The Most Reverend Dr Paul Kwabena Boafo, Presiding Bishop of the Methodist Church, Ghana, has called on all political leaders to go about the 2020 election campaign with circumspection to safeguard the peace of the nation.
He said they should also avoid politics of insults and attacks on personalities and rather do campaigns that address issues, which would bring development to all Ghanaians.
He urged the politicians to speak peace as they go round their campaigns and “not talk as if we want to create conflict, war and tensions in the communities”.
“Whoever mounts a political platform should be guided that Ghana is at stake, and we should ensure that peace continues to reign”, Rev Boafo, who is also the Chairman of the Christian Council of Ghana, said in an interview with the Ghana News Agency.

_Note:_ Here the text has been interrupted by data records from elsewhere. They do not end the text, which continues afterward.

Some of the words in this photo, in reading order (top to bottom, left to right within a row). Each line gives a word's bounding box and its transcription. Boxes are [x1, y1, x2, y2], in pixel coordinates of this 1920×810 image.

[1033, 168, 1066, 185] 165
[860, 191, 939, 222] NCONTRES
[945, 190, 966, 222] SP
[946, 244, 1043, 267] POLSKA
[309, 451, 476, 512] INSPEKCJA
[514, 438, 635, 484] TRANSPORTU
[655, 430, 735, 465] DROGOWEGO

He said Ghanaians are looking for political leaders who have them at heart and who were not seeking their own interest, but seeking the welfare of the general public.

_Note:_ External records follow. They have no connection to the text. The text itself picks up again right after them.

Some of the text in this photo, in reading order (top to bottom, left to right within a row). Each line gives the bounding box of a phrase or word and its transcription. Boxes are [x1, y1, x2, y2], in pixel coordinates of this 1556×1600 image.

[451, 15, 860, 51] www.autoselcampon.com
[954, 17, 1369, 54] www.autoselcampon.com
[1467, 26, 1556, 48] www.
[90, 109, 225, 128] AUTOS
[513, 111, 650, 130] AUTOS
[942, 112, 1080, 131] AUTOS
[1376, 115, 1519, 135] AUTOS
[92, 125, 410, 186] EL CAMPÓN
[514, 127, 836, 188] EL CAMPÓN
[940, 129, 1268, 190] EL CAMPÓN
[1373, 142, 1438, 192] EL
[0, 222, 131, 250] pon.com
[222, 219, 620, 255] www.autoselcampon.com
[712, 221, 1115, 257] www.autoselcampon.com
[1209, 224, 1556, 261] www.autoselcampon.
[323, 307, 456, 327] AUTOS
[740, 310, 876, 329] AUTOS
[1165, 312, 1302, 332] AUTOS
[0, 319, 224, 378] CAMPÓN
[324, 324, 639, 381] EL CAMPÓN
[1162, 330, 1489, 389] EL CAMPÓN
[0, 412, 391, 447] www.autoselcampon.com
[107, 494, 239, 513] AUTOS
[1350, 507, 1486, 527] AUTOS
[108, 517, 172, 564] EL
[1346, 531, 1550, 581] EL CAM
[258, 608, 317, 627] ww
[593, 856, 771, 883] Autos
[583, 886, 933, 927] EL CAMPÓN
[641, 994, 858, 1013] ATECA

“So that whatever campaign promises they put forth, they should ensure that they can deliver because we have had enough of the vain promises and at the end of the day we cannot make head and tail of the promises.
Rev Boafo said political manifestos should therefore, contain things that were deliverable so Ghanaians would be happy for it.

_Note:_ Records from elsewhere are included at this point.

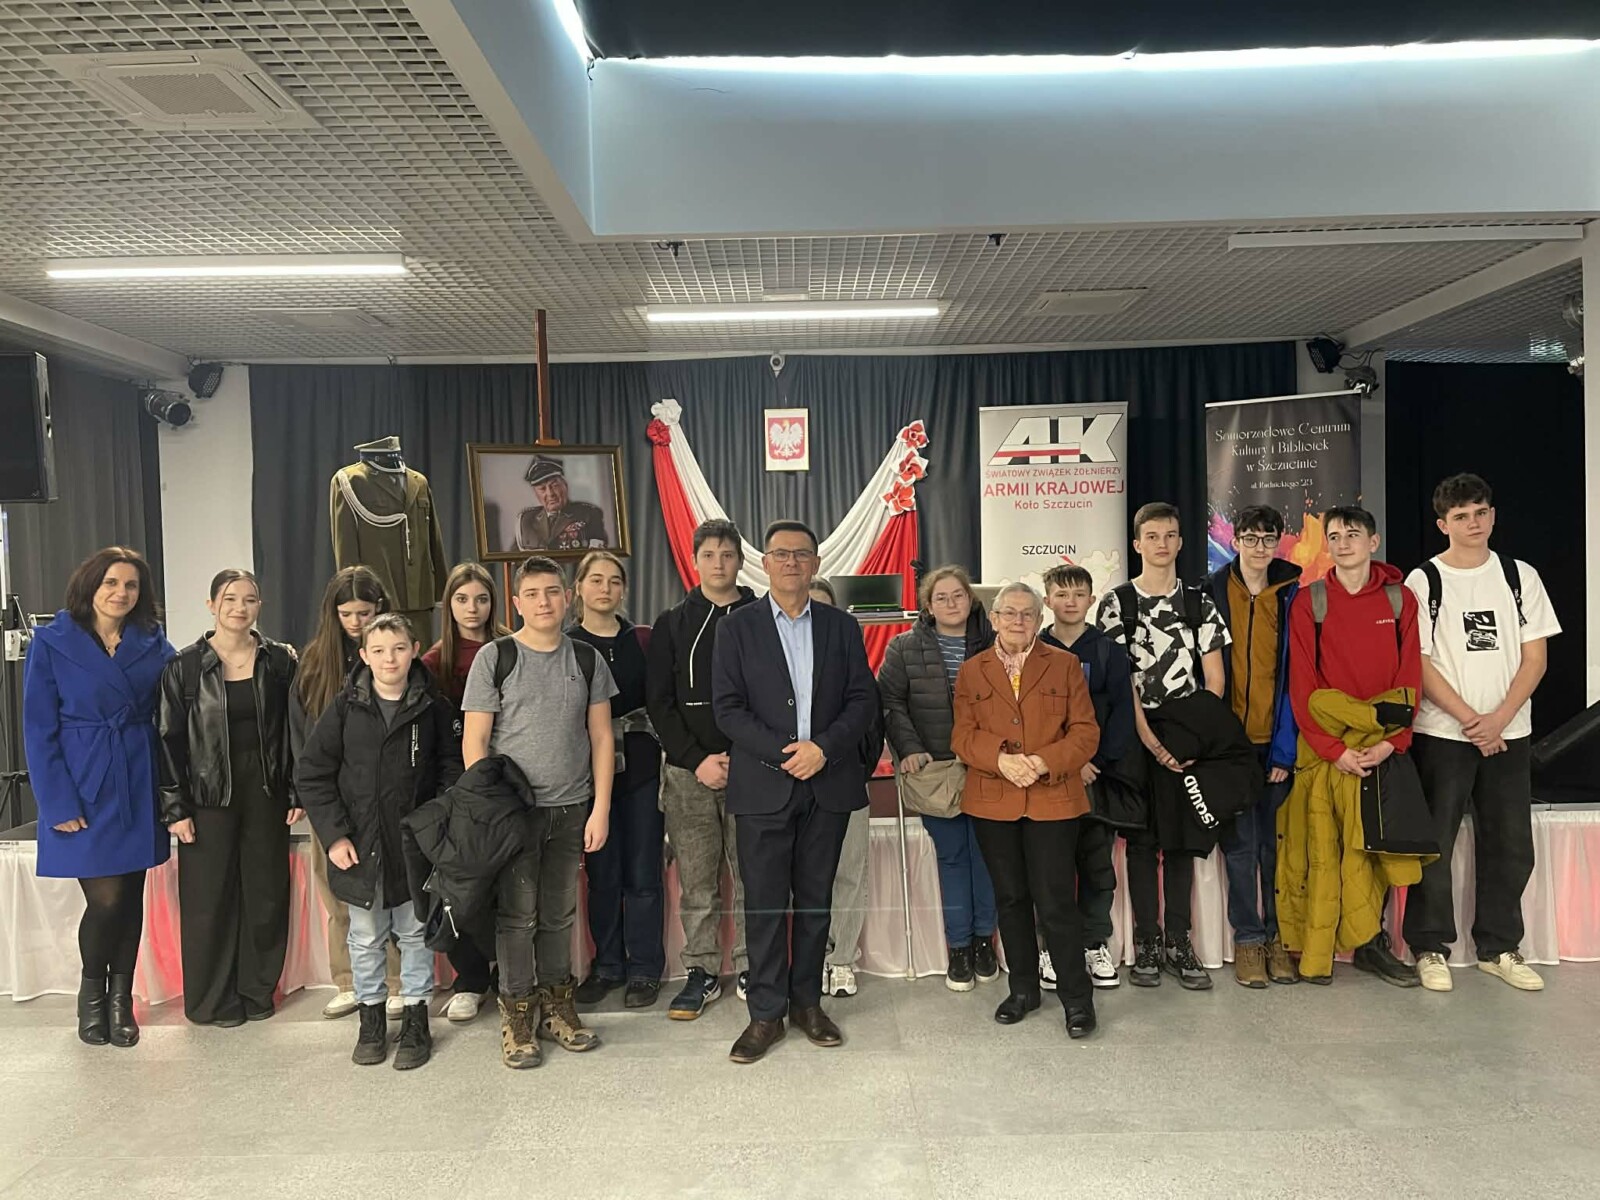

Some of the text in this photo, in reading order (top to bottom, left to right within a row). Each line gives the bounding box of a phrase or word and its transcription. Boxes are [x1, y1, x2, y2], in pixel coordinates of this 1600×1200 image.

[1298, 422, 1351, 435] Centrum
[987, 413, 1123, 466] AK
[1231, 444, 1267, 458] Kultury
[1278, 439, 1329, 453] Bibliotek
[1033, 468, 1071, 478] ZWIĄZEK
[1074, 466, 1122, 476] ŻOŁNIERZY
[1246, 459, 1318, 472] w Szczucinie
[984, 480, 1124, 496] ARMII KRAJOWEJ
[1015, 499, 1093, 510] Koło Szczucin
[1022, 544, 1076, 555] SZCZUCIN

He said whoever wins the election should look at development for all shades of people and not only a section of Ghanaians, but looking at Ghana as a whole.
According to Rev Boafo, the upcoming elections was a platform that would help consolidate the gains of the nation in the political dispensation “we have had over the years”.
“It is another opportunity that Ghanaians have, and so political leaders and their teeming followers and all who are to vote must ensure that we are going in for peace and we can only achieve this when we learn to be peacemakers and ready to forgive each other.
He urged the Electoral Commission (EC) to also endeavour to conduct the general elections in a way that would not create doubt from any quarters.
He asked the EC “to do the work with all of us, especially all the political parties, to achieve the ultimate so that at the end of the elections, we can all walk on our streets peacefully.”
Rev Boafo prayed that the elections would be peaceful and urged all to allow God to lead the nation in the New Year.